Vector Calculus Identites Question

[jamesdocherty]

Homework Statement

let r (vector) =xi+yj+zk and r=sqrt(x^2+y^2+z^2), let f(r) be a C2 scalar function.

1. Prove that ∇f = dr/df * vector r

2. Using part 1, calculate ∇ cosh(r^5), check answer by direct calculation

3. Using Vector Identities, calculate ∇ X (cosh(r^5)*∇f

Homework Equations

Vector Calculus Basic Identities

The Attempt at a Solution

i know ∇f=(df/dx,df/dy,df/dz)

but i have no idea what df/dr, i assuming its just d/dr * f but i don't even know what d/dr is ?

as i don't know part 1, i couldn't fully do part 2, but i did try the direct calculation and got

=(5x(x^2+y^2+z^2)^3/2 * sinh(x^2+y^2+z^2)^5/2,5y(x^2+y^2+z^2)^3/2 * sinh(x^2+y^2+z^2)^5/2,5z(x^2+y^2+z^2)^3/2 * sinh(x^2+y^2+z^2)^5/2)

for part 3, I'm pretty sure it equals 0 as after doing the determinant everything kind of cancels out, i can't be bothered typing this part it would take too long.

i'm not after an answer, if someone could just explain what d/dr is and if ∇f=(df/dx,df/dy,df,dz), how am i even meant to find it as there's no f function given in the question.

Thanks for any help i am really struggling

 

[LCKurtz]

Homework Statement

let r (vector) =xi+yj+zk and r=sqrt(x^2+y^2+z^2), let f(r) be a C2 scalar function.

1. Prove that ∇f = dr/df * vector r

Don't use the same letter for the vector and its magnitude. Let's use $\vec R = \langle x,y,z\rangle$ and $r$ for its length. You have written dr/df but what you mean is to prove $\nabla f = \frac{df}{dr}\vec R$.

Now you have this differentiable function $f(r)$ and you want to calculate its gradient:$$
\nabla f(r) = \langle \frac \partial {\partial x} f(r),\frac \partial {\partial y} f(r),
\frac \partial {\partial z} f(r)\rangle$$Now use the chain rule to take those derivatives and see what happens.

 

[jamesdocherty]

thanks for the reply, doing that i got:

∇f(r)=(x/√(x^2+y^2+z^2),y/√(x^2+y^2+z^2),z/√(x^2+y^2+z^2))

but i am still confused as to prove ∇f=df/drR⃗, what is df/dr is that the f(r) function being derived in terms of r (the length) and then i have to multiply it by R vector.

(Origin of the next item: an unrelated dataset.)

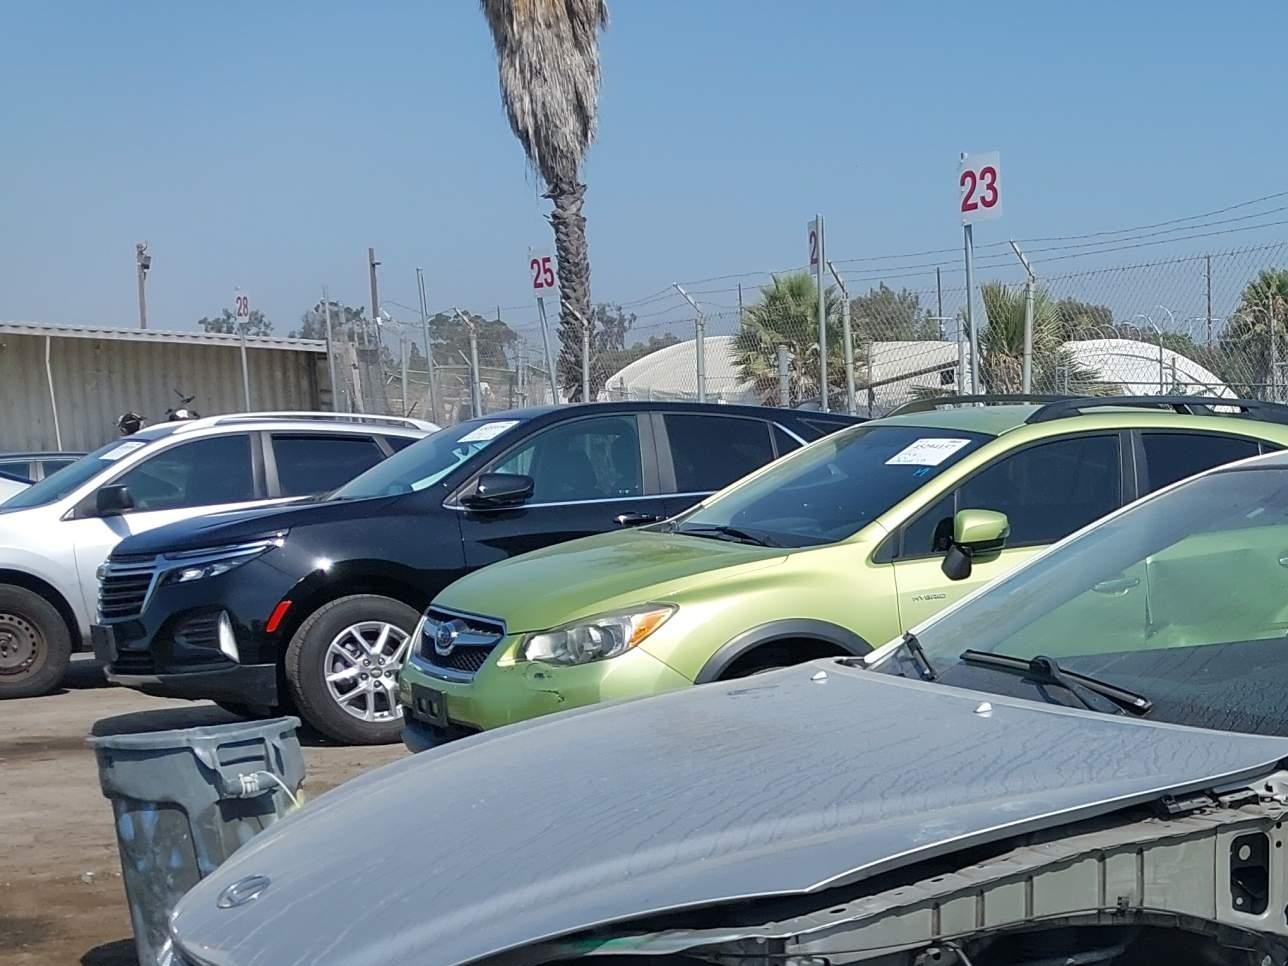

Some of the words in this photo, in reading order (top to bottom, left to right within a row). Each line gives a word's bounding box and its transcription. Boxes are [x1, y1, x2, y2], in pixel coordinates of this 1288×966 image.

Thanks again for any help, i have been trying to get this question for ages now

 

[LCKurtz]

[Edit, added] I overlooked that you didn't apply the chain rule to your vector$$
\nabla f(r) = \langle \frac \partial {\partial x} f(r),\frac \partial {\partial y} f(r),
\frac \partial {\partial z} f(r)\rangle$$. Remember you are to differentiate a function of $r$ with respect to $x,y,z$ and you must use the chain rule. That's why your work below shows nothing about $f(r)$ in the answer, and it should. Do you understand the chain rule?

thanks for the reply, doing that i got:

∇f(r)=(x/√(x^2+y^2+z^2),y/√(x^2+y^2+z^2),z/√(x^2+y^2+z^2))

but i am still confused as to prove ∇f=df/drR⃗, what is df/dr is that the f(r) function being derived in terms of r (the length) and then i have to multiply it by R vector.

Yes. It is $f'(r)$. Look at what you have above. Each component has $\sqrt{x^2+y^2+z^2}$ in the denominator. That is $r$. Factor it out of the vector as $\frac 1 r$. That gives you $\frac{\vec R}{r}$ which is a unit vector in the $\vec R$ direction, which I would denote as $\hat R$. Looking at that result, I would guess what you were really asked to show was that$$
\nabla f = \frac{df}{dr}\hat R$$which wasn't clear from your notation in the original post.